I WOULD DEEPLY BE THK YOU TO U IF U SOLVE THIS!

 

[phinds]

You should read the forum rules regarding posting homework. You are supposed to show what you know and how far you can get, and then you'll get help to take you further. Asking for someone to just solve your problem for you isn't the way this forum works.

 

[saad1109]

ohh sorry I'm new...i just didn't know...i tried it by getting the velocity between each points...given the distance and time between the points...but i am unable to go any further and find the acceleration

 

[DaveC426913]

ohh sorry I'm new...i just didn't know...i tried it by getting the velocity between each points...given the distance and time between the points...but i am unable to go any further and find the acceleration

Show. Us. Your.

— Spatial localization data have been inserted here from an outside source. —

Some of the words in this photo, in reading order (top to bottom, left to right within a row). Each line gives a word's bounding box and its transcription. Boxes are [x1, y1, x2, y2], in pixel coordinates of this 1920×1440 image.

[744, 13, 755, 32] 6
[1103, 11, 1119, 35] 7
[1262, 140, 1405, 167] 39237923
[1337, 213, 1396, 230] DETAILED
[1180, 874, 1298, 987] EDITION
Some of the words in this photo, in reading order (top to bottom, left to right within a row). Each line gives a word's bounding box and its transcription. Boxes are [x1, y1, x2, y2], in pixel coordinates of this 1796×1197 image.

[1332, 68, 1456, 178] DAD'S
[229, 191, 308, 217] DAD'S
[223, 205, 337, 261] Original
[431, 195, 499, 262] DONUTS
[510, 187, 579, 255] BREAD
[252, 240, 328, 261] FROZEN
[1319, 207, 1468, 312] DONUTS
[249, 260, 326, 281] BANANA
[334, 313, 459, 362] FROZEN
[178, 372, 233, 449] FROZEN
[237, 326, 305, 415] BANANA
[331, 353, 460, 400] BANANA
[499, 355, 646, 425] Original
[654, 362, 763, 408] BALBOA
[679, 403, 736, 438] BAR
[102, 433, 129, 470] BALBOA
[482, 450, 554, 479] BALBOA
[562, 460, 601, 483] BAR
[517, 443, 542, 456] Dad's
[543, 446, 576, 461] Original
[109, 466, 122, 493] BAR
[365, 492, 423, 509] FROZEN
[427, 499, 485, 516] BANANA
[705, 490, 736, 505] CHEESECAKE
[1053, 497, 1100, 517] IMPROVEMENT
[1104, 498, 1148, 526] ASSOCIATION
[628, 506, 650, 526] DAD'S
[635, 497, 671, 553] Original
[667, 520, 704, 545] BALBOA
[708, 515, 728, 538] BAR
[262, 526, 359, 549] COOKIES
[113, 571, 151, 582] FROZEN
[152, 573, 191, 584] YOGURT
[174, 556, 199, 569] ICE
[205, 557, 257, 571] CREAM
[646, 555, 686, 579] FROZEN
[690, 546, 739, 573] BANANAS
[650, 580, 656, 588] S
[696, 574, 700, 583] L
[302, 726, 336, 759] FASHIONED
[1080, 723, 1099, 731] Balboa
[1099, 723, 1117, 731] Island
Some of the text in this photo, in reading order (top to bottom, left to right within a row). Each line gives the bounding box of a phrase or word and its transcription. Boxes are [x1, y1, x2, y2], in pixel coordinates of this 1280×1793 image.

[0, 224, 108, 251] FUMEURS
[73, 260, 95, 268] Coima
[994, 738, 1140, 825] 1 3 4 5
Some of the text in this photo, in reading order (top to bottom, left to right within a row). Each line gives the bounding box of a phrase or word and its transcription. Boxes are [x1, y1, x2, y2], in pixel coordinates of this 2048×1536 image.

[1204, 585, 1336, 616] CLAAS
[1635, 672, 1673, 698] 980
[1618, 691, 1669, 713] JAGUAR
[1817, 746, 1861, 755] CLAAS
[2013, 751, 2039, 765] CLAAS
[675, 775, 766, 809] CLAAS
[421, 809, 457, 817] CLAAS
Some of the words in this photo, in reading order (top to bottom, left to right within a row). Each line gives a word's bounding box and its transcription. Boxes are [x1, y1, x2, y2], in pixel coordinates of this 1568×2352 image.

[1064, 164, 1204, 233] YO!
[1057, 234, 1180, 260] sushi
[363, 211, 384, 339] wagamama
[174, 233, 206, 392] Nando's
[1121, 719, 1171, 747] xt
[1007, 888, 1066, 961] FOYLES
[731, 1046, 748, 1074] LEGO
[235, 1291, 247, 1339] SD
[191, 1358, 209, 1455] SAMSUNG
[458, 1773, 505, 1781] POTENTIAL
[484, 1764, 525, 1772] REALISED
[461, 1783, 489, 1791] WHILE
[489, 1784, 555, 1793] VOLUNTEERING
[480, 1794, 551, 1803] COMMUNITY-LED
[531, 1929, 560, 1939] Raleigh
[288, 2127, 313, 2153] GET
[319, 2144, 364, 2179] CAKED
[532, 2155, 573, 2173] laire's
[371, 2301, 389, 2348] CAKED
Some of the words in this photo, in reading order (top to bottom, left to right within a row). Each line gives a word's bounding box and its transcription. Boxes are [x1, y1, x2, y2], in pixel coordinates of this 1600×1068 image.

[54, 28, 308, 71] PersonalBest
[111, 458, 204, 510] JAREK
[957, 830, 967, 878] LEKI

Work.

 

[saad1109]

ok would this work fine:


*Velocity of each interval:

V1 = 0.02m /0.05s = 0.4 m/s

V2 = 0.025m /0.05s = 0.5 m/s

V3 = 0.015m /0.05s = 0.3 m/s

V4 = 0.018m /0.05s = 0.36 m/s

V5 = 0.016m /0.05s = 0.32 m/s

V6 = 0.019m /0.05s = 0.38 m/s

V7 = 0.022m /0.05s = 0.44 m/s

V8 = 0.021m /0.05s = 0.42 m/s

V9 = 0.025m /0.05s = 0.5 m/s

*Vav =

0.4 m/s + 0.5 m/s + 0.3 m/s + 0.36 m/s + 0.32 m/s + 0.38 m/s + 0.44 m/s + 0.42 m/s + 0.5 m/s
9

= .402 m/s

* Total Distance = 0.02m + 0.025m + 0.015m + 0.018m + 0.016m + 0.019m + 0.022m + 0.025m
= .181m

* Total Time = .05 x 9
= .45 sec

Total Time Total Distance Average Velocity Acceleration
.45 sec .181m .402 m/s ?

Formulae: d = (v)(t) + ½(a)(t^2) or a = 2(d – (v)(t) / t^2)

a = 2(0.181 – (.402)(.45) / .45^2)
= 9.9 x (10^-3) m/s^2= or 0.00099 m/s^2